Nevertheless, people look out for one another, and many find a family of like-minded individuals if the one they were born into does not accept you. Voidrunners from this environment often find that the skills they learned in childhood have prepared them to take advantage of every opportunity the galaxy gives them.
Characters raised in the urbanite culture share a variety of traits in common with one another.
Crowd Proficiency. Choose one of the following skills: Deception, Persuasion, Sleight of Hand, or Stealth. You gain proficiency in that skill. Additionally, you have an expertise die on checks to use the chosen skill on or while in a crowd, such as pickpocketing in a packed train or asking around a teeming tourist attraction for directions.
Opportunistic. You are quick to act when the opportunity presents itself. Once per long rest, you can add an expertise die to your initiative roll or move up to your Speed as a bonus action.

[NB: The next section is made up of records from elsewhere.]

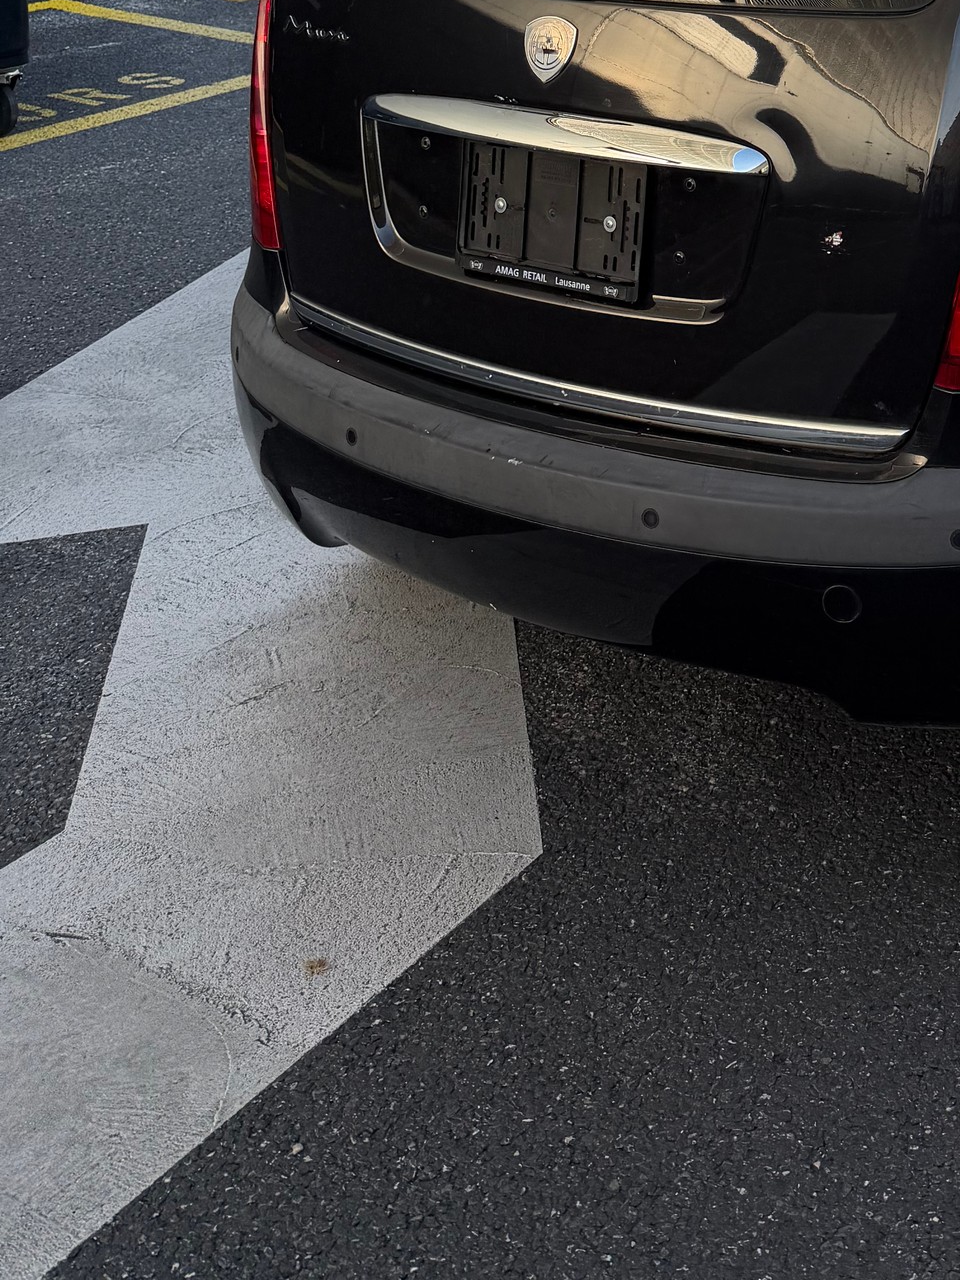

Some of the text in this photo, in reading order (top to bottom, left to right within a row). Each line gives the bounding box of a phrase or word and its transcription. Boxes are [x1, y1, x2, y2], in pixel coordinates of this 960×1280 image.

[495, 265, 519, 278] AMAG
[522, 270, 547, 283] RETAIL
[555, 276, 591, 291] Lausanne
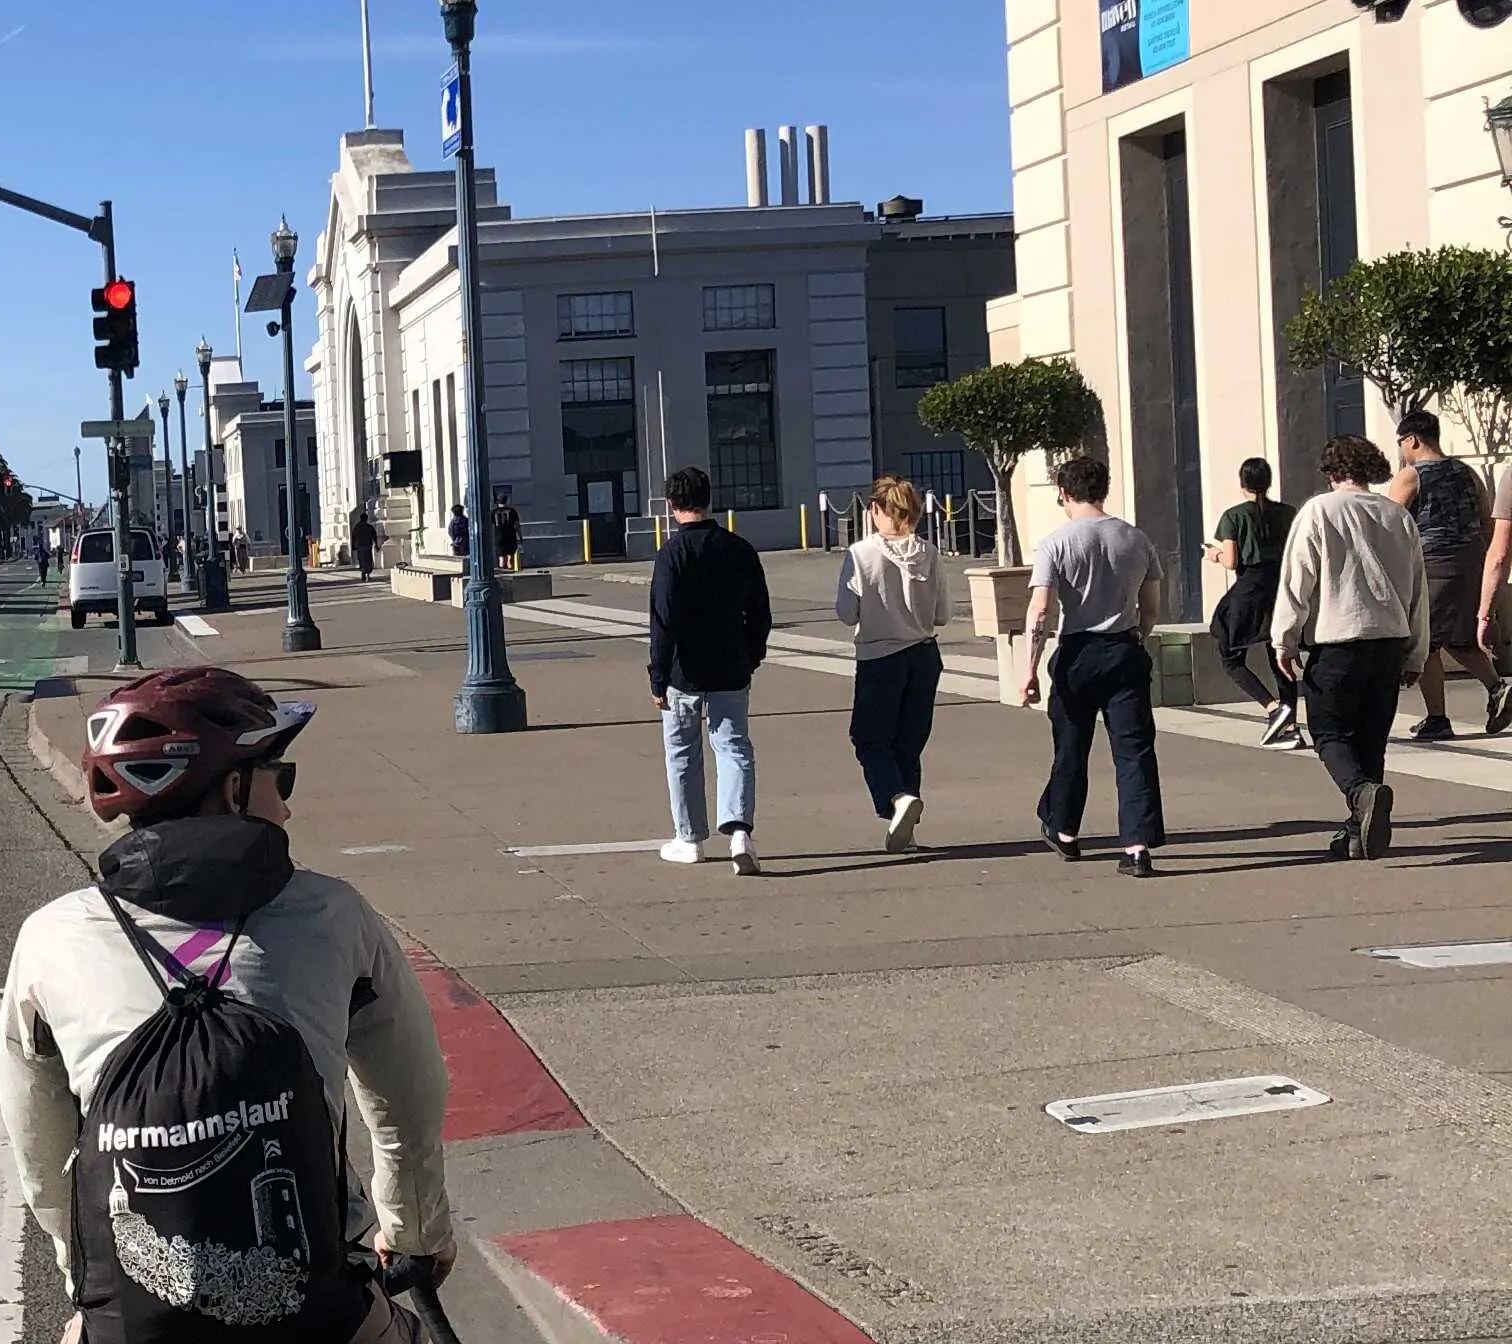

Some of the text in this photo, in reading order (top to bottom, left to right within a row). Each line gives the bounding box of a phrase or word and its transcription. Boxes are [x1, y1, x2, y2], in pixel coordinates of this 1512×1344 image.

[98, 1092, 289, 1152] Hermannslauf
[143, 1176, 159, 1185] von
[160, 1171, 194, 1185] Detmold
[195, 1160, 214, 1175] nach

Pseudo-Polyglot. Pick two languages you do not know. You cannot speak, write, or sign in these languages, but you can understand and read them. You also gain an expertise die to Culture or Insight checks to discern what is being said in a language you are unfamiliar with.
Starting Line. Your family or upbringing determined what kind of opportunities you had when young, though you may have chosen a different crowd. Choose one of the following:
Boarding School: You are proficient in your choice of either Culture or History.
Street-Roamer: You are proficient in your choice of either Insight or Survival.
Trade Institute: You are proficient in your choice of either Engineering, or two tools.
Urban Exposure. You’re used to the stressors of city life. You gain an expertise die on saving throws against environmental effects such as intense heat, smog, or bright lights.
Languages. You can read, sign, speak, and write Common and one other language.